** Input material follows **

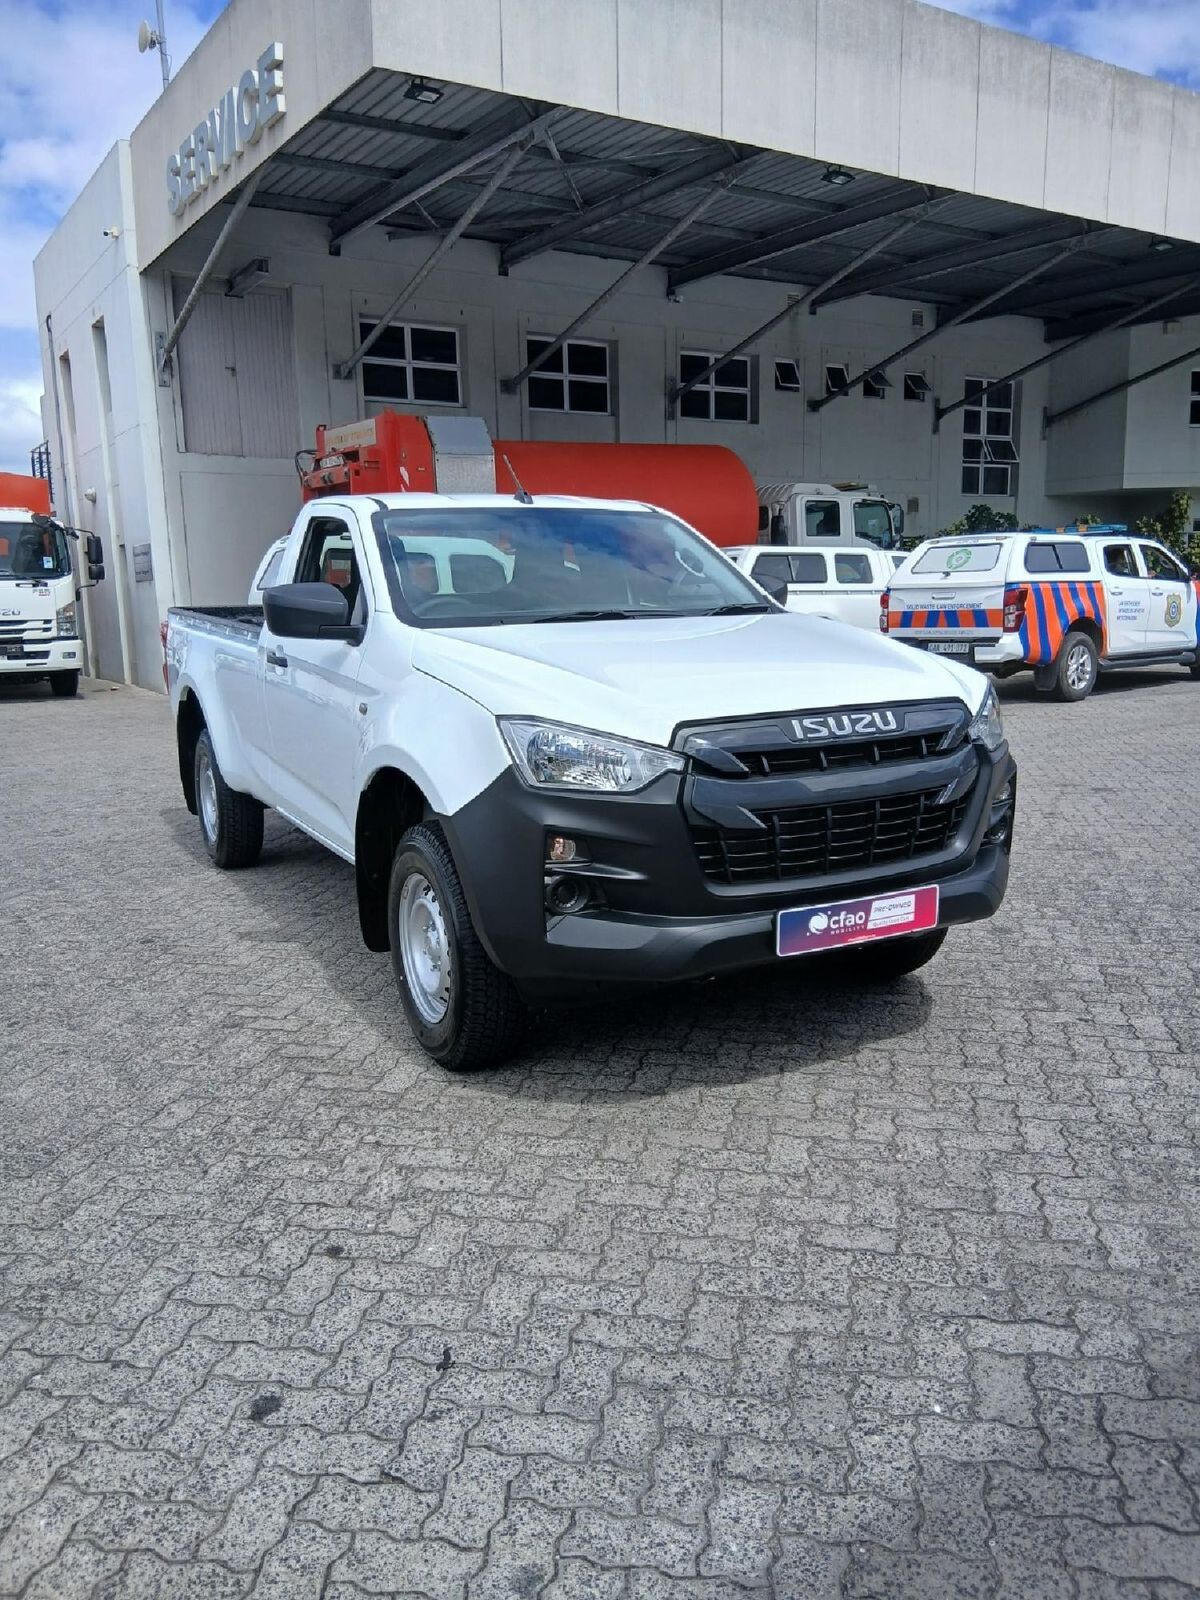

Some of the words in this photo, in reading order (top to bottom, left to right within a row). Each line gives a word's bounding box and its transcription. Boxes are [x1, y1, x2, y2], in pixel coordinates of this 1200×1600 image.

[167, 42, 287, 216] SERVICE
[791, 711, 897, 739] ISUZU
[830, 910, 866, 929] cfao
[830, 924, 866, 935] MOBILITY

** End of Input material **

## [Directions for this task]
Leave every picture out and output the records exactly.

## [Solution to this exercise]
Some of the words in this photo, in reading order (top to bottom, left to right within a row). Each line gives a word's bounding box and its transcription. Boxes are [x1, y1, x2, y2], in pixel coordinates of this 1200×1600 image.

[167, 42, 287, 216] SERVICE
[791, 711, 897, 739] ISUZU
[830, 910, 866, 929] cfao
[830, 924, 866, 935] MOBILITY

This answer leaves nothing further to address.